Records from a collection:
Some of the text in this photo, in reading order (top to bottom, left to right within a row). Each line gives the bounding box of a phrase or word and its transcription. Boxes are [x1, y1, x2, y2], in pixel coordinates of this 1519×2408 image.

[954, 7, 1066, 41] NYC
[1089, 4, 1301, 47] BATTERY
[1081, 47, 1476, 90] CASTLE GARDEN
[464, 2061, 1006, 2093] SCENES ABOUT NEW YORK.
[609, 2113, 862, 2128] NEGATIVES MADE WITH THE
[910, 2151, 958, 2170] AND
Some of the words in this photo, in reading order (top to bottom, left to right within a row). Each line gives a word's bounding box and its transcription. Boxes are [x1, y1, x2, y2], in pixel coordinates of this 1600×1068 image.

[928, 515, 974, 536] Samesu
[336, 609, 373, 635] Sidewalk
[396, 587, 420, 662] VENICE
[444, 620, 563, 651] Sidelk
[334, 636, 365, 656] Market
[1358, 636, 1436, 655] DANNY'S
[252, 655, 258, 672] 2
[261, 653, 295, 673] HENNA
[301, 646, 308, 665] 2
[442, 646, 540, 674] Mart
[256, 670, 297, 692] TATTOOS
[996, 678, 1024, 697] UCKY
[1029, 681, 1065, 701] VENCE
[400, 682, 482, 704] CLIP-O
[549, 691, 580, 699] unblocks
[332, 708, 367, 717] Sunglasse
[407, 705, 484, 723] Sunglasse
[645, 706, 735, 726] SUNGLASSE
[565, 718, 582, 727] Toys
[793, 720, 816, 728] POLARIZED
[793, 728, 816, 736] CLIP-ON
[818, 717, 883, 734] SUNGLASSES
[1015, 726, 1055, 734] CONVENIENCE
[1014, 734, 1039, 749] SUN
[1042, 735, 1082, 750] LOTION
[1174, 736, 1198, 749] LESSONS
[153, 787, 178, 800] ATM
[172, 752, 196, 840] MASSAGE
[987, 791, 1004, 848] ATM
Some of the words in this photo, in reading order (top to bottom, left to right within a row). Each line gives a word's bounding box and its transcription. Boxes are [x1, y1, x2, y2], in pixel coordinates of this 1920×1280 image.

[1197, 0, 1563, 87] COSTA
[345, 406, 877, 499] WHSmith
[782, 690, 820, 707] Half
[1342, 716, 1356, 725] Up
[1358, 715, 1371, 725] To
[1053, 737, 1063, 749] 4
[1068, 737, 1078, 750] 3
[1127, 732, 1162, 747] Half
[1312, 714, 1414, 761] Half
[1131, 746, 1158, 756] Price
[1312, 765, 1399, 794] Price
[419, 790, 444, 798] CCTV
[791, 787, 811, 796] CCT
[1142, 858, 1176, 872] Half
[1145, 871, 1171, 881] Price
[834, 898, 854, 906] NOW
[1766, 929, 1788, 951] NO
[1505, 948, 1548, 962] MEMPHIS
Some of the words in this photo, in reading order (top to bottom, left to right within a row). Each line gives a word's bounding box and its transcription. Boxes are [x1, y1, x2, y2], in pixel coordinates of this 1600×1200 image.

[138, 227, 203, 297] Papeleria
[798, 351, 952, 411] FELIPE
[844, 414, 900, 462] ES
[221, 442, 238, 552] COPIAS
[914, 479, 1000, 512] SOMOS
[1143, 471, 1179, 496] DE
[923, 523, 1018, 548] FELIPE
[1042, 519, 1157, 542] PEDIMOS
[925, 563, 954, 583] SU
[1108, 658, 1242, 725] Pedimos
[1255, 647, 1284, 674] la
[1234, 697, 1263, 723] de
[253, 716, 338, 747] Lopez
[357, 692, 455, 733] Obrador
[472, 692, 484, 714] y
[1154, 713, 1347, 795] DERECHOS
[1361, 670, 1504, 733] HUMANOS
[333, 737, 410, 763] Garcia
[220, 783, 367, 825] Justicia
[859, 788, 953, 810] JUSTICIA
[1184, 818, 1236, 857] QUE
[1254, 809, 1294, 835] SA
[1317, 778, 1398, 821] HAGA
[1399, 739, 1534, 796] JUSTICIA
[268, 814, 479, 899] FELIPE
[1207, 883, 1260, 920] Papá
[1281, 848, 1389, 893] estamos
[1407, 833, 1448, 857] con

• Try it:
The full set of entries, copied exactly, is the expected answer.

• Response below:
Some of the text in this photo, in reading order (top to bottom, left to right within a row). Each line gives the bounding box of a phrase or word and its transcription. Boxes are [x1, y1, x2, y2], in pixel coordinates of this 1519×2408 image.

[954, 7, 1066, 41] NYC
[1089, 4, 1301, 47] BATTERY
[1081, 47, 1476, 90] CASTLE GARDEN
[464, 2061, 1006, 2093] SCENES ABOUT NEW YORK.
[609, 2113, 862, 2128] NEGATIVES MADE WITH THE
[910, 2151, 958, 2170] AND
Some of the words in this photo, in reading order (top to bottom, left to right within a row). Each line gives a word's bounding box and its transcription. Boxes are [x1, y1, x2, y2], in pixel coordinates of this 1600×1068 image.

[928, 515, 974, 536] Samesu
[336, 609, 373, 635] Sidewalk
[396, 587, 420, 662] VENICE
[444, 620, 563, 651] Sidelk
[334, 636, 365, 656] Market
[1358, 636, 1436, 655] DANNY'S
[252, 655, 258, 672] 2
[261, 653, 295, 673] HENNA
[301, 646, 308, 665] 2
[442, 646, 540, 674] Mart
[256, 670, 297, 692] TATTOOS
[996, 678, 1024, 697] UCKY
[1029, 681, 1065, 701] VENCE
[400, 682, 482, 704] CLIP-O
[549, 691, 580, 699] unblocks
[332, 708, 367, 717] Sunglasse
[407, 705, 484, 723] Sunglasse
[645, 706, 735, 726] SUNGLASSE
[565, 718, 582, 727] Toys
[793, 720, 816, 728] POLARIZED
[793, 728, 816, 736] CLIP-ON
[818, 717, 883, 734] SUNGLASSES
[1015, 726, 1055, 734] CONVENIENCE
[1014, 734, 1039, 749] SUN
[1042, 735, 1082, 750] LOTION
[1174, 736, 1198, 749] LESSONS
[153, 787, 178, 800] ATM
[172, 752, 196, 840] MASSAGE
[987, 791, 1004, 848] ATM
Some of the words in this photo, in reading order (top to bottom, left to right within a row). Each line gives a word's bounding box and its transcription. Boxes are [x1, y1, x2, y2], in pixel coordinates of this 1920×1280 image.

[1197, 0, 1563, 87] COSTA
[345, 406, 877, 499] WHSmith
[782, 690, 820, 707] Half
[1342, 716, 1356, 725] Up
[1358, 715, 1371, 725] To
[1053, 737, 1063, 749] 4
[1068, 737, 1078, 750] 3
[1127, 732, 1162, 747] Half
[1312, 714, 1414, 761] Half
[1131, 746, 1158, 756] Price
[1312, 765, 1399, 794] Price
[419, 790, 444, 798] CCTV
[791, 787, 811, 796] CCT
[1142, 858, 1176, 872] Half
[1145, 871, 1171, 881] Price
[834, 898, 854, 906] NOW
[1766, 929, 1788, 951] NO
[1505, 948, 1548, 962] MEMPHIS
Some of the words in this photo, in reading order (top to bottom, left to right within a row). Each line gives a word's bounding box and its transcription. Boxes are [x1, y1, x2, y2], in pixel coordinates of this 1600×1200 image.

[138, 227, 203, 297] Papeleria
[798, 351, 952, 411] FELIPE
[844, 414, 900, 462] ES
[221, 442, 238, 552] COPIAS
[914, 479, 1000, 512] SOMOS
[1143, 471, 1179, 496] DE
[923, 523, 1018, 548] FELIPE
[1042, 519, 1157, 542] PEDIMOS
[925, 563, 954, 583] SU
[1108, 658, 1242, 725] Pedimos
[1255, 647, 1284, 674] la
[1234, 697, 1263, 723] de
[253, 716, 338, 747] Lopez
[357, 692, 455, 733] Obrador
[472, 692, 484, 714] y
[1154, 713, 1347, 795] DERECHOS
[1361, 670, 1504, 733] HUMANOS
[333, 737, 410, 763] Garcia
[220, 783, 367, 825] Justicia
[859, 788, 953, 810] JUSTICIA
[1184, 818, 1236, 857] QUE
[1254, 809, 1294, 835] SA
[1317, 778, 1398, 821] HAGA
[1399, 739, 1534, 796] JUSTICIA
[268, 814, 479, 899] FELIPE
[1207, 883, 1260, 920] Papá
[1281, 848, 1389, 893] estamos
[1407, 833, 1448, 857] con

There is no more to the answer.